▸ **Material provided**:

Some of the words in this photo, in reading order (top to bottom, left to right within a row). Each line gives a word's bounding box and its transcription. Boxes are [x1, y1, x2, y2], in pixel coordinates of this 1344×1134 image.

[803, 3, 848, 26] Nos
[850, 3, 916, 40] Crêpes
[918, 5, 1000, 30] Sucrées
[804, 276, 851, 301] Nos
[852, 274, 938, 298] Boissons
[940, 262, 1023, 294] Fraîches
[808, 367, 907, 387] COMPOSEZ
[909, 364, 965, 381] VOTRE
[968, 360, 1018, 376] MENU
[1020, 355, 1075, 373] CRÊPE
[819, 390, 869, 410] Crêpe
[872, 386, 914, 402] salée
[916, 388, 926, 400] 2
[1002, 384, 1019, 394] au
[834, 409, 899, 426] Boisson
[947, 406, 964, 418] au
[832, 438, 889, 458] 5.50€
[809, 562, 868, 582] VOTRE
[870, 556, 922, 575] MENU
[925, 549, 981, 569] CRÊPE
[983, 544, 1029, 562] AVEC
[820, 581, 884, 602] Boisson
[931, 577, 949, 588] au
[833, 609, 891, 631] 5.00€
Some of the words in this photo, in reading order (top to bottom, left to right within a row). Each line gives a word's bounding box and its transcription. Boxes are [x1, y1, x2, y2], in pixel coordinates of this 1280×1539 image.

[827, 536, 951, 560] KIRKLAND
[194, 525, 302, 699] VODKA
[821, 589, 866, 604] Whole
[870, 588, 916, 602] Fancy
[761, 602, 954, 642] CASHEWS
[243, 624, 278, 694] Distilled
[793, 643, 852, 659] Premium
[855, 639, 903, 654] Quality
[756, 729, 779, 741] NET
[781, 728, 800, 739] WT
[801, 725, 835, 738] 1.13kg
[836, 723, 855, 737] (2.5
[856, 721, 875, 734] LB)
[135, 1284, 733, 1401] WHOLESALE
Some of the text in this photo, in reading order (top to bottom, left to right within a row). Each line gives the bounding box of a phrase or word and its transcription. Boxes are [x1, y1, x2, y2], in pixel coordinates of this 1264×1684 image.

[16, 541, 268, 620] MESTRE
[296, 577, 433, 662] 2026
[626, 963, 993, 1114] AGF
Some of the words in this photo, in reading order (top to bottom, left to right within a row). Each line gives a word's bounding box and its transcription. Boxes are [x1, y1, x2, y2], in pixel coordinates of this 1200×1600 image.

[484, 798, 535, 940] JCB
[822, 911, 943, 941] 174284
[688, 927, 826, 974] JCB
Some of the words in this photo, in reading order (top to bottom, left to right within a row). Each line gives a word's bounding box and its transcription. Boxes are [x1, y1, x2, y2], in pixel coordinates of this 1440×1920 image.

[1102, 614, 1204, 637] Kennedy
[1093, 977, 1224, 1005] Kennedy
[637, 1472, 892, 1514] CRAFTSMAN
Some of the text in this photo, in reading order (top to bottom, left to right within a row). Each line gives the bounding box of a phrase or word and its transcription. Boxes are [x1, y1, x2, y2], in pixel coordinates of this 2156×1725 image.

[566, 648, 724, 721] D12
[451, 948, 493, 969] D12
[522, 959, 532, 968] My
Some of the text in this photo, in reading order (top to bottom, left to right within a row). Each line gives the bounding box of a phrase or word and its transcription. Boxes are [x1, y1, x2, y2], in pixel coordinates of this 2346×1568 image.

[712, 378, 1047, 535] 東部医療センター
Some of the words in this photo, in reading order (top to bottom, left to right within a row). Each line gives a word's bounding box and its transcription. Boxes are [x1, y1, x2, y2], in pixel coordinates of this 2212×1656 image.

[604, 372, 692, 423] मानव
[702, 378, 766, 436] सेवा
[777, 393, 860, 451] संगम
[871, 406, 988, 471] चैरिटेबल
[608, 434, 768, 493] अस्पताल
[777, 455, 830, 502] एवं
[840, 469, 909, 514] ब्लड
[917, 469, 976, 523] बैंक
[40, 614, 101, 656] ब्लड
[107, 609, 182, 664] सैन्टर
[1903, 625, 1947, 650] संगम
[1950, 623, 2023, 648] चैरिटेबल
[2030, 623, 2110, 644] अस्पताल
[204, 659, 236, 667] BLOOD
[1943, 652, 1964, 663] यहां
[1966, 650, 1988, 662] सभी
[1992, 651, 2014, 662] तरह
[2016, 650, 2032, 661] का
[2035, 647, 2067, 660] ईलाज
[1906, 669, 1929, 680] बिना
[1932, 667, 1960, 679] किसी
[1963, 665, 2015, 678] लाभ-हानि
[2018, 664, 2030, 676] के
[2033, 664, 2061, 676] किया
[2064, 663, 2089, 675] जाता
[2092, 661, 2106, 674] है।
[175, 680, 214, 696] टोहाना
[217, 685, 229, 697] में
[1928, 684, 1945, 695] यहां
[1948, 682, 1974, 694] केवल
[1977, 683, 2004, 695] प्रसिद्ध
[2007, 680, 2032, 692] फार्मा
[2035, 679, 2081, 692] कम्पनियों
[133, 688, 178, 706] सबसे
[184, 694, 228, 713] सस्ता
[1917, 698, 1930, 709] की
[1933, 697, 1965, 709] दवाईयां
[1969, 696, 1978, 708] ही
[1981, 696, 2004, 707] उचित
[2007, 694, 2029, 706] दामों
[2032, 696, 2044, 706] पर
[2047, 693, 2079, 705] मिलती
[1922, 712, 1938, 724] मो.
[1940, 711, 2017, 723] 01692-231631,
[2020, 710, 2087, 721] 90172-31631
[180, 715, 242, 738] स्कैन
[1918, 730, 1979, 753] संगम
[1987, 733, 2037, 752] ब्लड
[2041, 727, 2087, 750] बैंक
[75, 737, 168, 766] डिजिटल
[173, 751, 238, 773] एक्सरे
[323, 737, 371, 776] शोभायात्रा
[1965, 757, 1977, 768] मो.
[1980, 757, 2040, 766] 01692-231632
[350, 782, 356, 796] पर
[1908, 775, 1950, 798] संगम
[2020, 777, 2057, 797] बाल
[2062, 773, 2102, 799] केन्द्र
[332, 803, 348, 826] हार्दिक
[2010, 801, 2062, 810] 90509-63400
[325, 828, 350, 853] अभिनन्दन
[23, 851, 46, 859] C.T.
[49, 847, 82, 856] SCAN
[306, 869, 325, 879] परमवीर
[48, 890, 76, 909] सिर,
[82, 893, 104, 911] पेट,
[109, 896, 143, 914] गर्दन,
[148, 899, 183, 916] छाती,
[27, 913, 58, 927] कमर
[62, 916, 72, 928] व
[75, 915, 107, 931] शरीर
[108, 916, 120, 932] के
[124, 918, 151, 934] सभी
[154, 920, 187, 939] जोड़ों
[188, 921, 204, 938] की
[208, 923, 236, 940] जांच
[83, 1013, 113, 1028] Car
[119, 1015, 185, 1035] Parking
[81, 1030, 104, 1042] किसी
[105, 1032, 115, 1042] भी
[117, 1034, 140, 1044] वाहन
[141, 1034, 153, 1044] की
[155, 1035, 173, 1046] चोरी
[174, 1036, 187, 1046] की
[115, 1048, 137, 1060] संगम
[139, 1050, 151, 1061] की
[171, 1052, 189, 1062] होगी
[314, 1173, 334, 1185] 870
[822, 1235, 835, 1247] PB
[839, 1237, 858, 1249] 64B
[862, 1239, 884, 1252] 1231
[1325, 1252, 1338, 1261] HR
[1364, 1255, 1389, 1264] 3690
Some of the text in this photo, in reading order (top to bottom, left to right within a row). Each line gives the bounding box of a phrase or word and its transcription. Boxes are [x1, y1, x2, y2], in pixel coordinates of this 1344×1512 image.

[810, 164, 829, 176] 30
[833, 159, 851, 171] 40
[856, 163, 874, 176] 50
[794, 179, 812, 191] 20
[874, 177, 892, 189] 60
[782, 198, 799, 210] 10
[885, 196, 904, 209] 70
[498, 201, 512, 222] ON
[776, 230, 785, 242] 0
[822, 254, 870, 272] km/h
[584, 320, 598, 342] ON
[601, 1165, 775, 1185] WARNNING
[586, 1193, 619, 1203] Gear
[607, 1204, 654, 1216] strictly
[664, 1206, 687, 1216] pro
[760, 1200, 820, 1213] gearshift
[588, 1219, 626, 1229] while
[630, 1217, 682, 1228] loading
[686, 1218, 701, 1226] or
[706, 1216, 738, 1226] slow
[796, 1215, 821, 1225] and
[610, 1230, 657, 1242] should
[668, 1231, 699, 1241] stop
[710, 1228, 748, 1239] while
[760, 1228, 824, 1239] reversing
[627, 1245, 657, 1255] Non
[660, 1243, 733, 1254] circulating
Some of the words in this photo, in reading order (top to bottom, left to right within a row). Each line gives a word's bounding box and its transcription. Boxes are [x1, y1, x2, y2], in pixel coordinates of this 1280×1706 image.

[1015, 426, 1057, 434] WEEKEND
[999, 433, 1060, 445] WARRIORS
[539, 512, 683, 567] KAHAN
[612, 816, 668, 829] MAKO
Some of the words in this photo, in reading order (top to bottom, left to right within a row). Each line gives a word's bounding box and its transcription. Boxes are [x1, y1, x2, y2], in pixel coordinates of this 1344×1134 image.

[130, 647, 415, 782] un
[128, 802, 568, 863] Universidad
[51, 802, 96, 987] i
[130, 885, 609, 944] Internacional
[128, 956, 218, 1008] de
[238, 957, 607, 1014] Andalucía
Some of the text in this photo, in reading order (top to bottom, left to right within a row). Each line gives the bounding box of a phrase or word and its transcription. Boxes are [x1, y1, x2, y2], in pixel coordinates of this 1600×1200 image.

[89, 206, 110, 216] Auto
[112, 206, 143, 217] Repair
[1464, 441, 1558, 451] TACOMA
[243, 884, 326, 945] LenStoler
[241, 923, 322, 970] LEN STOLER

▸ **Problem description**: The line with "this 1600×1200 image." marks where to start. Transcribe from there through the final line of the records, exactly and with nothing added.

▸ **Result of this exercise**:
Some of the text in this photo, in reading order (top to bottom, left to right within a row). Each line gives the bounding box of a phrase or word and its transcription. Boxes are [x1, y1, x2, y2], in pixel coordinates of this 1600×1200 image.

[89, 206, 110, 216] Auto
[112, 206, 143, 217] Repair
[1464, 441, 1558, 451] TACOMA
[243, 884, 326, 945] LenStoler
[241, 923, 322, 970] LEN STOLER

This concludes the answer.